Task statement: Every line of the data is to be transcribed as it stands.

Input for this task:
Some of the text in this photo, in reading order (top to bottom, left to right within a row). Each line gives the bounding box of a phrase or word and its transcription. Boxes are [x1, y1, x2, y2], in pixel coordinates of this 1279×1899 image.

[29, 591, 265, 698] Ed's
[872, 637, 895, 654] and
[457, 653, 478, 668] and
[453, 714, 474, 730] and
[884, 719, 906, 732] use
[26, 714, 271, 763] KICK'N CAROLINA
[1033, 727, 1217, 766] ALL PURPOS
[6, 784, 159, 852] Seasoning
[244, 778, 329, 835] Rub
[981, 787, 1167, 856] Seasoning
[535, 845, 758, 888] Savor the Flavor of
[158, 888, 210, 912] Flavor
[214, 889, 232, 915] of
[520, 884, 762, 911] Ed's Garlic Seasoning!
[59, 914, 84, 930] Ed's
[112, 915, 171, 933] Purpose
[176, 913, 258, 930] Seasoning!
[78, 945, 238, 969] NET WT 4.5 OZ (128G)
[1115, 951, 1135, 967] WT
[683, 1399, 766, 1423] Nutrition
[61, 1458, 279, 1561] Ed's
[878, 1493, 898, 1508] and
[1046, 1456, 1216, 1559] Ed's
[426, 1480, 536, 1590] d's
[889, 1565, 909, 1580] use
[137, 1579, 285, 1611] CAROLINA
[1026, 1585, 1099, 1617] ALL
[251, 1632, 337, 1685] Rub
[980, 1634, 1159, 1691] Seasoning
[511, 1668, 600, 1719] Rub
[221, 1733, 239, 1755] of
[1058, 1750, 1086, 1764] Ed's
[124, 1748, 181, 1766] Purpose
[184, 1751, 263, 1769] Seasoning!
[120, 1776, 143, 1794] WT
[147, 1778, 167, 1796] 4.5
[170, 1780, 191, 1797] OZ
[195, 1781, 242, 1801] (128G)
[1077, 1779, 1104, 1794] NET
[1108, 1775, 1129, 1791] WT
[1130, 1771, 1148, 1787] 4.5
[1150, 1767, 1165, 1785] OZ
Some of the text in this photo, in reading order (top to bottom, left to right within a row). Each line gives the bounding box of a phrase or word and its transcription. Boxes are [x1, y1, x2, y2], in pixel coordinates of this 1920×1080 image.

Response area:
Some of the text in this photo, in reading order (top to bottom, left to right within a row). Each line gives the bounding box of a phrase or word and its transcription. Boxes are [x1, y1, x2, y2], in pixel coordinates of this 1279×1899 image.

[29, 591, 265, 698] Ed's
[872, 637, 895, 654] and
[457, 653, 478, 668] and
[453, 714, 474, 730] and
[884, 719, 906, 732] use
[26, 714, 271, 763] KICK'N CAROLINA
[1033, 727, 1217, 766] ALL PURPOS
[6, 784, 159, 852] Seasoning
[244, 778, 329, 835] Rub
[981, 787, 1167, 856] Seasoning
[535, 845, 758, 888] Savor the Flavor of
[158, 888, 210, 912] Flavor
[214, 889, 232, 915] of
[520, 884, 762, 911] Ed's Garlic Seasoning!
[59, 914, 84, 930] Ed's
[112, 915, 171, 933] Purpose
[176, 913, 258, 930] Seasoning!
[78, 945, 238, 969] NET WT 4.5 OZ (128G)
[1115, 951, 1135, 967] WT
[683, 1399, 766, 1423] Nutrition
[61, 1458, 279, 1561] Ed's
[878, 1493, 898, 1508] and
[1046, 1456, 1216, 1559] Ed's
[426, 1480, 536, 1590] d's
[889, 1565, 909, 1580] use
[137, 1579, 285, 1611] CAROLINA
[1026, 1585, 1099, 1617] ALL
[251, 1632, 337, 1685] Rub
[980, 1634, 1159, 1691] Seasoning
[511, 1668, 600, 1719] Rub
[221, 1733, 239, 1755] of
[1058, 1750, 1086, 1764] Ed's
[124, 1748, 181, 1766] Purpose
[184, 1751, 263, 1769] Seasoning!
[120, 1776, 143, 1794] WT
[147, 1778, 167, 1796] 4.5
[170, 1780, 191, 1797] OZ
[195, 1781, 242, 1801] (128G)
[1077, 1779, 1104, 1794] NET
[1108, 1775, 1129, 1791] WT
[1130, 1771, 1148, 1787] 4.5
[1150, 1767, 1165, 1785] OZ
Some of the text in this photo, in reading order (top to bottom, left to right within a row). Each line gives the bounding box of a phrase or word and its transcription. Boxes are [x1, y1, x2, y2], in pixel coordinates of this 1920×1080 image.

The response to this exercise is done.